The other landmark African deal is the annual pre-export financing for Ghana Cocoa Board (Cocobod), but with margins falling to as little as 15 basis points, many institutions including Standard are not seeing the deal as a particularly attractive proposition and only opting to participate at a low ticket level, preferring to focus its attention on other African opportunities.

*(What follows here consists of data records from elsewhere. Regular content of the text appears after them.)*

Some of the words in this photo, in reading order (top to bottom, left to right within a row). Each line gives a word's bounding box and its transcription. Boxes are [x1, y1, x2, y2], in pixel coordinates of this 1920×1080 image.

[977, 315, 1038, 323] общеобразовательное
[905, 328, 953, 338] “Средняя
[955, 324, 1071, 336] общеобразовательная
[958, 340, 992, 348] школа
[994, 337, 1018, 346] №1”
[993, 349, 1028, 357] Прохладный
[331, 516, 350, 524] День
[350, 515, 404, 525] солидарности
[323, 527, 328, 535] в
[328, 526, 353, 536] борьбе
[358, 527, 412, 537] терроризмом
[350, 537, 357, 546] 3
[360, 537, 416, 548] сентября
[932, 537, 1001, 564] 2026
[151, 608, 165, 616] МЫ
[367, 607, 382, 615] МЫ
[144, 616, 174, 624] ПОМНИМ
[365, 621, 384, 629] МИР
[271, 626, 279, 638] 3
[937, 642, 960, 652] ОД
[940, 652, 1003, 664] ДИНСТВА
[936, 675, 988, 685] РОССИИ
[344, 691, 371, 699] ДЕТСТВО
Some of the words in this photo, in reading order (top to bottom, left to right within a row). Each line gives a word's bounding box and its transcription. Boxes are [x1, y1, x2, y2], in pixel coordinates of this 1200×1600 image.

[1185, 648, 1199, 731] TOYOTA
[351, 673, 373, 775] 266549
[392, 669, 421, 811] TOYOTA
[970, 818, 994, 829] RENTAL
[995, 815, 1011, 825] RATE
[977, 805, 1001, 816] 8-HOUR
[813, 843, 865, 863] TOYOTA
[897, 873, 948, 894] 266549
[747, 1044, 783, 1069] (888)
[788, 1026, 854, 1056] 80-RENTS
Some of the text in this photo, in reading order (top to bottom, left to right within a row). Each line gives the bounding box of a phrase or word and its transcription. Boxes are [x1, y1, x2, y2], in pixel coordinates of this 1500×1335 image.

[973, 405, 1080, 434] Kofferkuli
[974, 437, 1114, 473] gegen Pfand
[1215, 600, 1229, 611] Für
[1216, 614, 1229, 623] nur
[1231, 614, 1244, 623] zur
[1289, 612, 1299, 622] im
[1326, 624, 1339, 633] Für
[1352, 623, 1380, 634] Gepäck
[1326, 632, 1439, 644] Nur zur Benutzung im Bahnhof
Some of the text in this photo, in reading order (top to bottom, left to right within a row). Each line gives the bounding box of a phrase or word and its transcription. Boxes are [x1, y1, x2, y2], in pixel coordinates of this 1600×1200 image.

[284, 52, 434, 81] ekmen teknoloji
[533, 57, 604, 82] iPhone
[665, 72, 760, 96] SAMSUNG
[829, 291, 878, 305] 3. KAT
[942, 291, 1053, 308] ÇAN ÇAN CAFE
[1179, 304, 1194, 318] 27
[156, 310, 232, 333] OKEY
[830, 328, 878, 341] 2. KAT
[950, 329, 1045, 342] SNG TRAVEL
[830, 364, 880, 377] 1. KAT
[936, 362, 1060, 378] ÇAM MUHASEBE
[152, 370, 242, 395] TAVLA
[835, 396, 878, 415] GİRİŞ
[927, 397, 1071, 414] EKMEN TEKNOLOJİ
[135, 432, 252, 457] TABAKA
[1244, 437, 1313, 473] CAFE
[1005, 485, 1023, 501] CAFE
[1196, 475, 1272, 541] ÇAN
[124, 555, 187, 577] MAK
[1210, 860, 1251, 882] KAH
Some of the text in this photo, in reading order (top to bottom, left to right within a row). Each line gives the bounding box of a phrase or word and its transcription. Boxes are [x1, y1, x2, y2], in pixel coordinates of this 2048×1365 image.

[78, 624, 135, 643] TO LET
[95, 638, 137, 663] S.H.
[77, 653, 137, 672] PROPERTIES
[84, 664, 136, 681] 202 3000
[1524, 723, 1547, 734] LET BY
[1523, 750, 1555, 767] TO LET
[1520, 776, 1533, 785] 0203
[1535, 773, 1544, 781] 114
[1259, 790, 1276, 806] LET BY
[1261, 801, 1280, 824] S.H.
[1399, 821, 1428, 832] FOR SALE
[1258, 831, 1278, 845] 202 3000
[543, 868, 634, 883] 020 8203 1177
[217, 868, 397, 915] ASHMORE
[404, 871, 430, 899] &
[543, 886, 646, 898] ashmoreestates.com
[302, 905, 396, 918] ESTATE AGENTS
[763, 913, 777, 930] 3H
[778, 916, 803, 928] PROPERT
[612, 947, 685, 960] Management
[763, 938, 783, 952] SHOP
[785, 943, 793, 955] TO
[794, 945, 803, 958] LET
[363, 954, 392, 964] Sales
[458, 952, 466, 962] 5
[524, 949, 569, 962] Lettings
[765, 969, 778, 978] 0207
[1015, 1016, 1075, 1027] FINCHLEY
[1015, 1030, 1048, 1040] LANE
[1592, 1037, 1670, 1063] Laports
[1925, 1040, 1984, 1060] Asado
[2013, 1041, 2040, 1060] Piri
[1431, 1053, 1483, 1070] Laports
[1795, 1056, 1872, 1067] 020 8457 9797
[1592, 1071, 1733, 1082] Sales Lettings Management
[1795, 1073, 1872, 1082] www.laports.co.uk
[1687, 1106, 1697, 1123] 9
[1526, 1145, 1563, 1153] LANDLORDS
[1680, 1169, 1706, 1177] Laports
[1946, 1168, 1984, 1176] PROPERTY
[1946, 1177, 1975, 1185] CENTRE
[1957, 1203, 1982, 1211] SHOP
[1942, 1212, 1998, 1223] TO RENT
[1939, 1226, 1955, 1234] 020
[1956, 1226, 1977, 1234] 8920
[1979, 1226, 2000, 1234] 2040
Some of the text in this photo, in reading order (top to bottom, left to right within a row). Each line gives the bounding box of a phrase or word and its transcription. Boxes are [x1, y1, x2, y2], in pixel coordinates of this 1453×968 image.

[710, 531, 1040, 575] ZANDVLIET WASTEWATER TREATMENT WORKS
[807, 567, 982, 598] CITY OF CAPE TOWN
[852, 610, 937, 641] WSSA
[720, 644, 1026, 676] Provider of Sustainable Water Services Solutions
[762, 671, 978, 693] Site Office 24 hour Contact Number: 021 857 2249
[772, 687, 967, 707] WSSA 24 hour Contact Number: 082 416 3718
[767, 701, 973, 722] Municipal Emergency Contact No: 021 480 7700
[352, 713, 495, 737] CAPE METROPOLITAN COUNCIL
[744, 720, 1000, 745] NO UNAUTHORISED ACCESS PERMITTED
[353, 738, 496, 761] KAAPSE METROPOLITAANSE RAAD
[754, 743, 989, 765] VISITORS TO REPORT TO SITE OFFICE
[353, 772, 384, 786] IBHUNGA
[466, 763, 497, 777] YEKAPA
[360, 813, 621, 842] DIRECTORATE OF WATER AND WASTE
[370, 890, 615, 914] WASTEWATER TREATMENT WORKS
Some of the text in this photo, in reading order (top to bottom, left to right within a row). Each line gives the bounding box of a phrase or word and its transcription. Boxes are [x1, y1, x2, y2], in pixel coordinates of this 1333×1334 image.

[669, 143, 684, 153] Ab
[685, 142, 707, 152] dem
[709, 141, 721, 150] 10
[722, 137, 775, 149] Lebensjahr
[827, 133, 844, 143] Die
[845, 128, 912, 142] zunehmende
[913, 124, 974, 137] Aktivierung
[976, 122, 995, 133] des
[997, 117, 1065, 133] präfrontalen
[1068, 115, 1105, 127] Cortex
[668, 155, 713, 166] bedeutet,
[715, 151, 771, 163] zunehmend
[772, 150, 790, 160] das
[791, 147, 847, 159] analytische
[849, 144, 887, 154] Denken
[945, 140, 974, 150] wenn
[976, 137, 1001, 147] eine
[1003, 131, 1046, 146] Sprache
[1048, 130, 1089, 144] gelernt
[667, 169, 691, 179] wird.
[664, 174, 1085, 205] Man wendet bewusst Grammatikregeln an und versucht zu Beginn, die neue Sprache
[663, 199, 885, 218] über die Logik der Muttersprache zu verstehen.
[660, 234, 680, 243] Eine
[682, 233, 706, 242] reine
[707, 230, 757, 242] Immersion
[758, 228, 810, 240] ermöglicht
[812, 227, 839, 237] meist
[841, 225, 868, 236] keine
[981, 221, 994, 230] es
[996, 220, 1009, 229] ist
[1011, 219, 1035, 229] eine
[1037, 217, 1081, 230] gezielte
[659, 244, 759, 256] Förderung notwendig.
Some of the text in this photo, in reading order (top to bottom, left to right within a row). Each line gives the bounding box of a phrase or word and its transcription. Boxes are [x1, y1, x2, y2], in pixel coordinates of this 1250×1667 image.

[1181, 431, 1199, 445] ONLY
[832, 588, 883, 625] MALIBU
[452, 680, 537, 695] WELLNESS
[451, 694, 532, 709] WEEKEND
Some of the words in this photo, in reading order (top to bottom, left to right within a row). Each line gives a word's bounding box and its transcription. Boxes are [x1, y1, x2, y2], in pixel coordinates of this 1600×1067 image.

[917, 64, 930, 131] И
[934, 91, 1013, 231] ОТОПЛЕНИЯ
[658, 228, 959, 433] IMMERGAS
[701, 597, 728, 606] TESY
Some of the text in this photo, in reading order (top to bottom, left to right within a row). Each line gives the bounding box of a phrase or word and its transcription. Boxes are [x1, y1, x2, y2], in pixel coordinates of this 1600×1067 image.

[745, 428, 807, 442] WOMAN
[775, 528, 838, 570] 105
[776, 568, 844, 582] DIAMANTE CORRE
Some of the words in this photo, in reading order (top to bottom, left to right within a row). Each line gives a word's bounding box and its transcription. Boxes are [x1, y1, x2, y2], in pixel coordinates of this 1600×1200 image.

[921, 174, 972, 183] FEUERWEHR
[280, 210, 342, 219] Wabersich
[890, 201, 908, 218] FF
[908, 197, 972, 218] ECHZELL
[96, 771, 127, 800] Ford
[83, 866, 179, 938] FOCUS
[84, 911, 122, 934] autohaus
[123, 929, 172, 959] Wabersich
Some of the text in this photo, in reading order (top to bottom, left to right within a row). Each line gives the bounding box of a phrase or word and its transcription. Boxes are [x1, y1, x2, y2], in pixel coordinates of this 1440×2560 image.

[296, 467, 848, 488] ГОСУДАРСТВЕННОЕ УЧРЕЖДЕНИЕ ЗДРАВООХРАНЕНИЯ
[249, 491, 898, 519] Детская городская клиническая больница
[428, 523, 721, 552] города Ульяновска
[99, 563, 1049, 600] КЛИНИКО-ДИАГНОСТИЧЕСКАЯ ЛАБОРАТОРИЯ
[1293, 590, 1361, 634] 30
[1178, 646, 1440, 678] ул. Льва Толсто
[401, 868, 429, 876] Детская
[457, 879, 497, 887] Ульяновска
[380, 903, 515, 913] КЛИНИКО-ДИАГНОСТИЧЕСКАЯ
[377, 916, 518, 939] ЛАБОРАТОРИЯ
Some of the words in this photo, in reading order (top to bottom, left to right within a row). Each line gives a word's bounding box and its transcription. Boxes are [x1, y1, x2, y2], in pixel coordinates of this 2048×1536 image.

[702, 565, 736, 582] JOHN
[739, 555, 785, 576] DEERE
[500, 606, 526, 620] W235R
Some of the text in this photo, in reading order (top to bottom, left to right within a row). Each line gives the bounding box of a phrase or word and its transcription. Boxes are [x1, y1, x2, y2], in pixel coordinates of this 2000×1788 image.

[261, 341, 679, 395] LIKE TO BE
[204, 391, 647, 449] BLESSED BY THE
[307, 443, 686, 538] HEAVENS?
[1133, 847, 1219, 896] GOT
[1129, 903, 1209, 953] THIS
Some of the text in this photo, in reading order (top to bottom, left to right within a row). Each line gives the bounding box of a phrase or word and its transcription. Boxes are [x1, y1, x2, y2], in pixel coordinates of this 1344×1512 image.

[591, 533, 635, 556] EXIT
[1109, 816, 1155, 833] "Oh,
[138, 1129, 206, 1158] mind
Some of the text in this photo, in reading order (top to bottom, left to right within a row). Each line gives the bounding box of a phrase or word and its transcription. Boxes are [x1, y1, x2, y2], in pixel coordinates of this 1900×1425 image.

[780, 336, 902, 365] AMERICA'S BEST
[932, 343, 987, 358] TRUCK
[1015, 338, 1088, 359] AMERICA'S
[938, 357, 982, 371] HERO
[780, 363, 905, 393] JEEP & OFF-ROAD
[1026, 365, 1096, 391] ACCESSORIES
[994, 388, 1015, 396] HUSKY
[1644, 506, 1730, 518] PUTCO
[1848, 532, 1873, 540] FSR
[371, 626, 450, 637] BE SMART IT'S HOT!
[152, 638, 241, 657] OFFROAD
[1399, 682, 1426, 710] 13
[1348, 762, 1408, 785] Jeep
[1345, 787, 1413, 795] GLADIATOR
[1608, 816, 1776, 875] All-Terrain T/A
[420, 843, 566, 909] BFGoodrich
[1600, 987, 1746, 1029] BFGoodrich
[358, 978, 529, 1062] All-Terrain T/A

Eckermann notes that the African softs market, beyond Cocobod, has much more to offer: "Africa has the potential to develop more arable land, which could be used to partially satisfy the demand from emerging markets such as China. Increasingly, developing countries are demanding a richer and more protein driven diet. At the moment, Brazil and Argentina are the key providers of high protein agri-commodities such as soy beans, poultry and meat. But Africa also has the potential to produce these products as well."
Uncertain financial climate
Standard reorganised its trade finance division just as the credit crisis hit the markets in August and September. However, trade financing can often be the last thing to suffer in a difficult market, and it is often a useful tool to secure new business due to the manageable nature of the risks involved.
Eckermann does, however, highlight the general re-pricing in the market as a whole as one of the key developments of 2007, and likely to have repercussions throughout 2008. This re-pricing is due to both the liquidity/credit crisis and the introduction of Basel II regulations in Europe.